Janette Habel : Pour de nombreux secteurs de la population les effets de cette normalisation ne vont pas se faire sentir immédiatement en raison du maintien de l’embargo économique et commercial. Son abrogation suppose un vote majoritaire du Congrès américain. Or les Républicains y sont opposés. Cependant ils ne sont pas homogènes, le lobby des grandes multinationales de l’agro-business est favorable à la levée de l’embargo. A l’inverse une minorité d’élus Démocrates y est opposée. Cependant Obama a des marges de manœuvre. Il peut contourner certaines dispositions et libéraliser les voyages entre les deux pays. Les transferts d’argent depuis les États Unis vont être facilités, les touristes pourront utiliser leurs cartes de crédit et dépenser davantage. Pour stimuler les importations des facilités financières pourraient être accordées. Les lois migratoires, l’octroi de visas font d’ores et déjà l’objet de discussions. N’oublions pas que la coopération entre les militaires et les garde-côtes cubains et américains existe depuis longtemps près de Guantánamo, de même que pour le trafic de drogues. Mais la stratégie américaine va se concentrer sur l’aide au secteur privé notamment aux petits entrepreneurs, et sur le développement d’Internet, très contrôlé jusqu’alors. Pour la Maison Blanche il s’agit « de mettre plus de pression sur le régime castriste » à la faveur des réformes économiques engagées par Raoul Castro. Les cubains eux s’interrogent, joyeux mais incertains. Comme toujours l’humour fleurit : « Cuba si ! Yankee no ! Cuando van allegar ? » ( Quand vont-ils arriver » ? ). Les répercussions dans la population vont être différenciées. Les travailleurs indépendants, les secteurs liés au tourisme, les artisans, ceux qui ont des liens familiaux aux Etats Unis vont en bénéficier. Les autres, les retraités, les mères célibataires, les travailleurs pauvres vont subir la baisse des prestations sociales. Les inégalités vont s’accroître et pourraient se traduire à terme par des tensions politiques. Des changements institutionnels sont inévitables. L’année 2018 verra la fin du mandat présidentiel de Raoul Castro. Une nouvelle ère s’ouvrira alors dont l’issue est imprévisible.

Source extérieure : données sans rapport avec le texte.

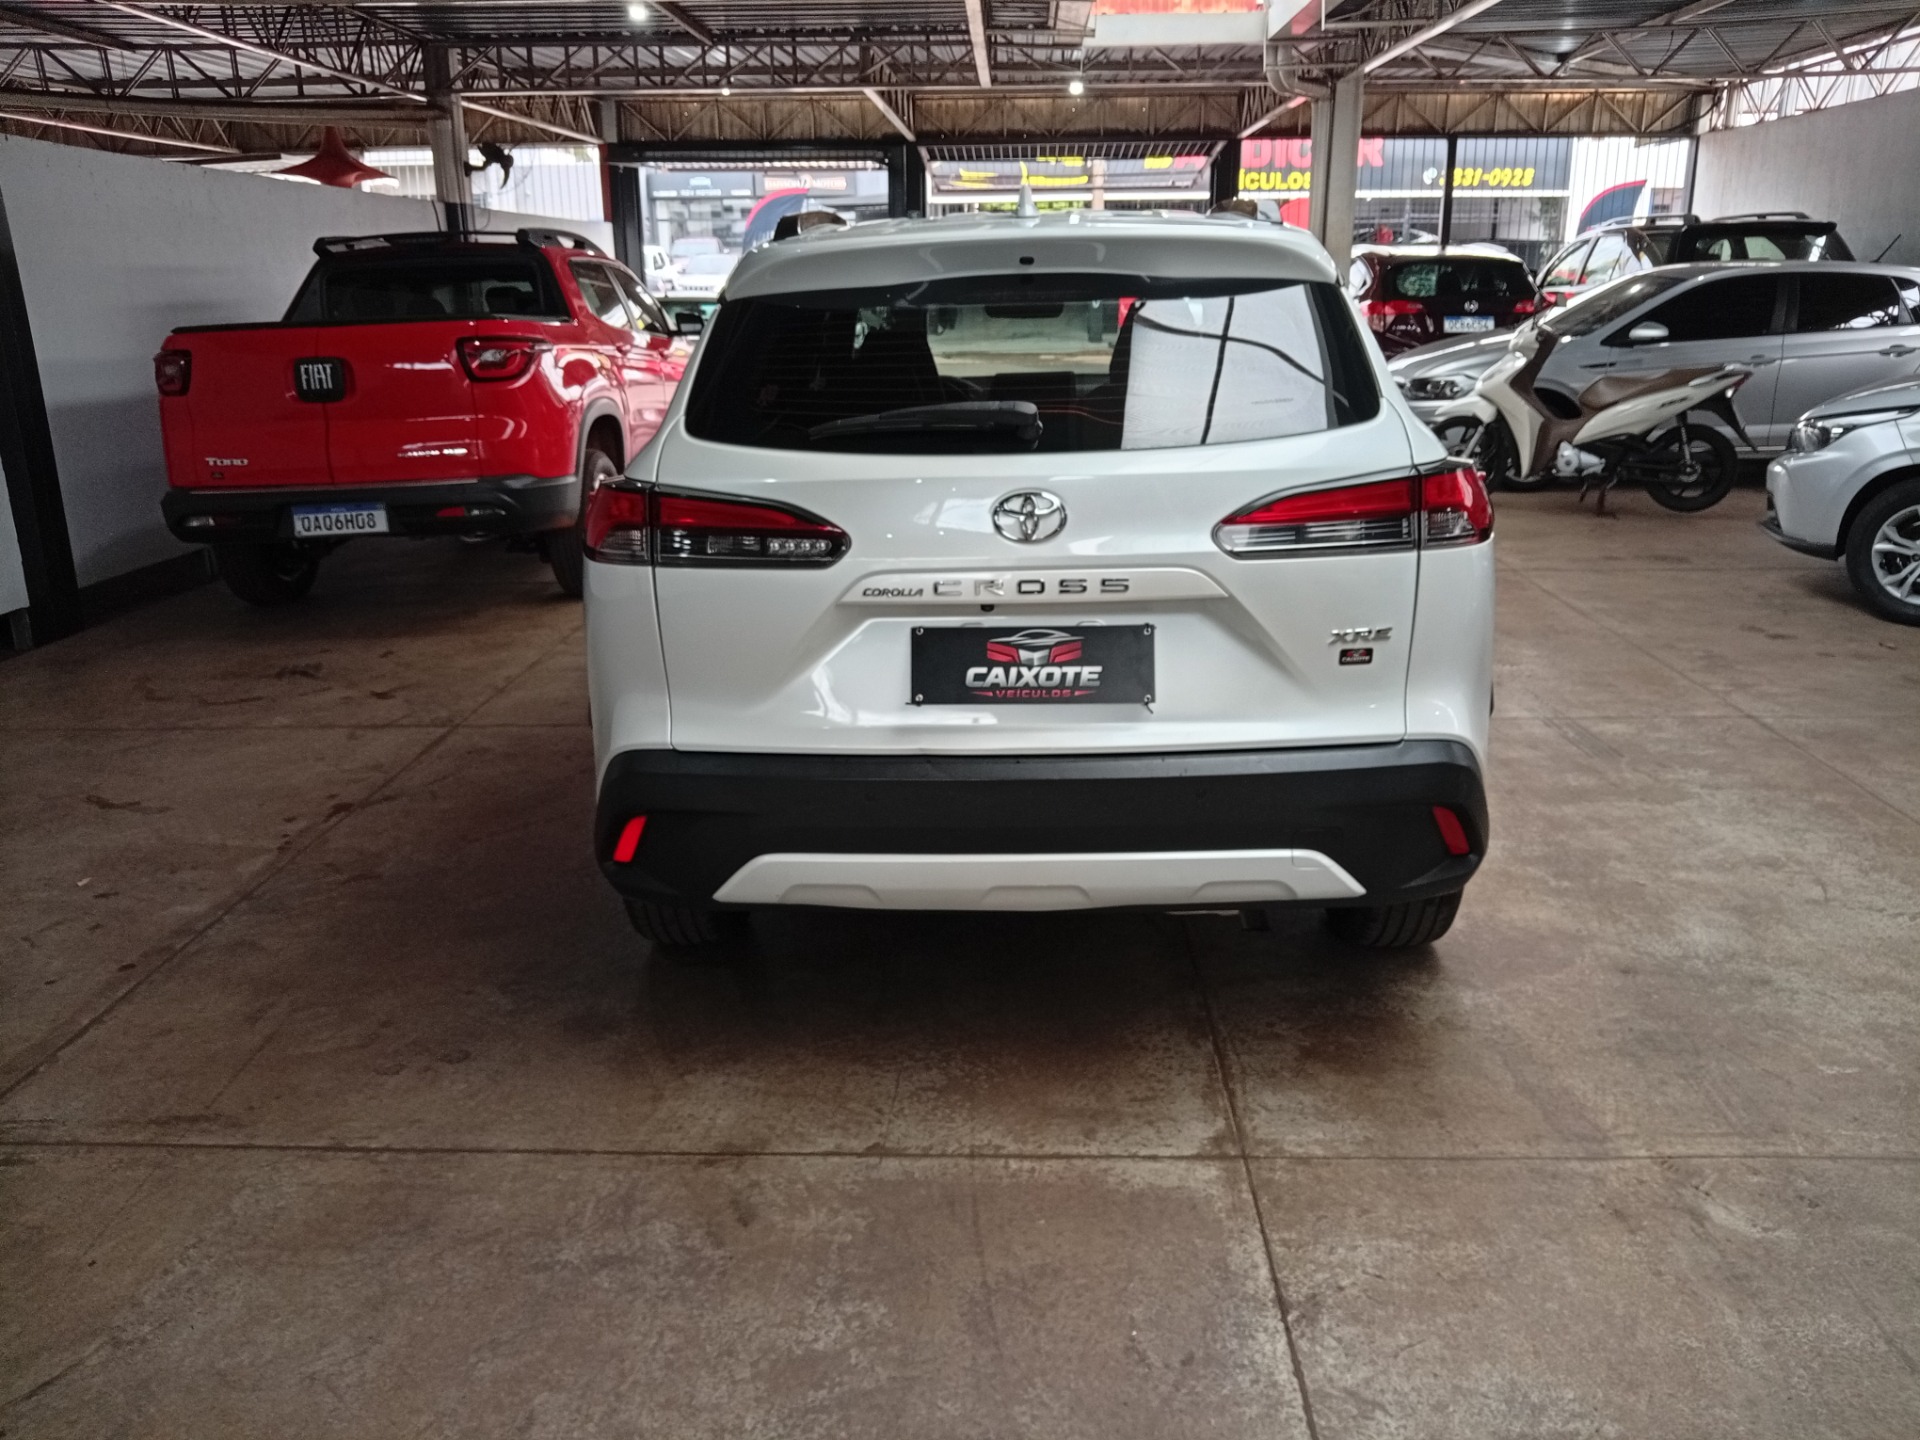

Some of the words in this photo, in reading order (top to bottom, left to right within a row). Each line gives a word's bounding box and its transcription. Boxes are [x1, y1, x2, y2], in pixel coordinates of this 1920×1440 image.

[299, 363, 333, 391] FIAT
[862, 587, 924, 598] COROLLA
[932, 578, 1130, 597] CROSS
[1327, 626, 1393, 647] XRE
[965, 665, 1103, 688] CAIXOTE
[996, 688, 1072, 699] VEÍCULOS

André Chassaigne  : Il faut bien mesurer ce que représente le blocus pour la vie quotidienne des Cubains : des prix de certains produits sont multipliés jusqu’à 7, des productions de biens manufacturés sont rendues impossibles au regard des coûts d’achat de matières premières, les investissements publics sont bloqués par l’impossibilité d’importer des matériaux de construction s’ils ne concernent pas le secteur privé. Ce ne sont là que des exemples ! Quant aux échanges extérieurs, ils sont paralysés par les difficultés à trouver des partenaires bancaires, et cela s’est accentué depuis l’amende de BNP Paribas. Rappelons aussi que le blocus concerne tous les produits comprenant plus de 10 % de technologie américaine. Ce corset économique et financier a des répercussions terribles non seulement sur les besoins quotidiens des Cubains, mais aussi sur les capacités de développement. Ainsi, alors que des mesures sont prises en faveur de « l’actualisation du modèle économique », permettant notamment de favoriser un petit entrepreneuriat privé et de relancer certains secteurs économiques, tout est fait pour verrouiller l’économie cubaine.

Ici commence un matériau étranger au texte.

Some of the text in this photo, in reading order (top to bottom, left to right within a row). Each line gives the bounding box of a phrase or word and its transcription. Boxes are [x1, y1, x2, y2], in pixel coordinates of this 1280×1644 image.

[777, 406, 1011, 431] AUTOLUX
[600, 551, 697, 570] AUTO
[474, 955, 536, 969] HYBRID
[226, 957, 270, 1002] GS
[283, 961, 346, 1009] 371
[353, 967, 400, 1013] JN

Quels sont, plus largement, les moyens diplomatiques et politiques qui peuvent assurer une reprise du dialogue durable ?

Salim Lamrani : Il convient de rappeler que dans le conflit entre Cuba et les États-Unis, il y a un agresseur et une victime. Washington impose des sanctions économiques, occupe par la force la base navale de Guantanamo, finance une opposition interne à Cuba dans le but de renverser l’ordre établi et protège des individus impliqués dans le terrorisme contre Cuba comme c’est le cas de Luis Posada Carriles qui vit tranquillement en Floride. Barack Obama doit mettre un terme à ces politiques agressives, mettre un terme à l’état de siège, rendre Guantanamo au peuple cubain et accepter la réalité d’un Cuba indépendant et souverain. C’est le seul moyen d’obtenir une paix durable entre les deux nations. Depuis le triomphe de la Révolution cubaine en 1959, La Havane a toujours fait part de sa disposition à entretenir des relations cordiales avec le Voisin du Nord, basées sur la légalité internationale, mais a également affirmé son droit à choisir son système politique et son modèle de société, sans interférences extérieures. Il est donc temps pour Washington de mettre fin à une anomalie d’un autre temps.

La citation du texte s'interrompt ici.